The vote follows the suspension of the district’s strategic plan in August 2023, to give Superintendent Terry Connor, who had been sworn in the previous month, an opportunity to bring it in line with his goals. 

“This is a well-defined strategic plan that will guide our efforts for the next six years,” Connor said. “It ensures that we are aligned, and we’re working collaboratively towards our common objective, which is ensuring that we are continually advancing and we have the accountability and transparency measures and expectations outlined within this plan.”

The road ahead

The plan features five pillars, the first of which is “Every Student Achieves” and includes the plan’s foundational elements.

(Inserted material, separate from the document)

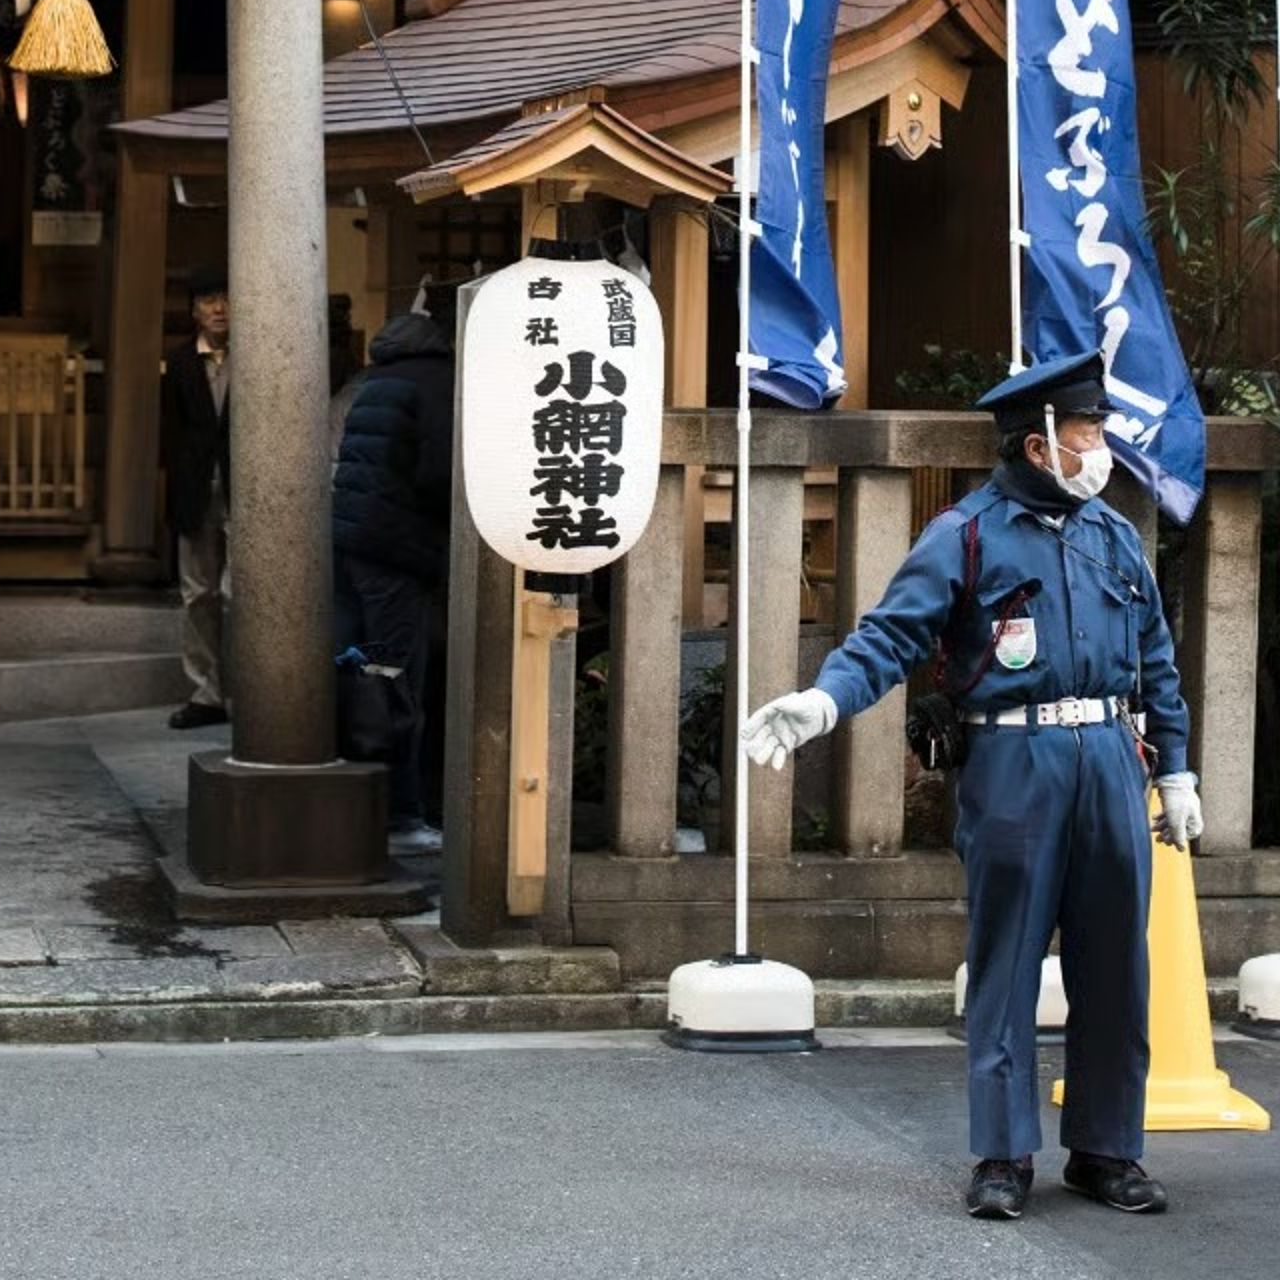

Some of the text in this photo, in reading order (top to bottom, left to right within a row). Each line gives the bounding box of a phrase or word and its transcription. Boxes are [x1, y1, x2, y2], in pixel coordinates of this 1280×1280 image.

[523, 276, 563, 347] 古社
[601, 277, 637, 349] 武蔵国
[524, 350, 628, 551] 小網神社

Components of that pillar include improvements and expansions to preschool programs, comprehensive literacy initiatives through changes like the addition of literacy coaches and interventionists, new strategies and support systems for instructors, and ways to equip students for the future like expanded career and technical education and dual enrollment opportunities. 

The second pillar, “Every Student Supported,” includes facets such as improving staff-to-student ratios, a multi-tiered system of support for students, enhancements to student activities, an increase in district-operated mental health service providers, new specialized learning events and attendance rewards. 

The third pillar, “Every Employee Valued” focuses on hiring and retaining staff and creating a strong workplace culture. This includes initiatives like “equitable and transparent” compensation structures, specialized professional learning and mentorship for new teachers and new forms of employee engagement.

It also discusses what it says are innovative staffing practices, including creative approaches to recruitment like leveraging employee narratives and testimonials. 

The fourth pillar, “Every School Equipped,” includes maintaining sustainable financial practices via an Enterprise Resource Planning system, creating high-quality infrastructure through activities such as capital budget discussions with principals, enhancing school security through measures like collaboration with law enforcement, new reporting and compliance systems and new technological resources. 

The fifth pillar, “Every Community Engaged,” seeks to involve students, families and local organizations. It includes enhanced online and media presences, “Coffee with Connor” forums and annual State of Schools presentations, enhanced collaboration with marketing, enhanced community partnerships and expanded volunteer opportunities. 

Weighing in

Commenter Carol Lerner called the plan “a thoughtful roadmap for our district.” 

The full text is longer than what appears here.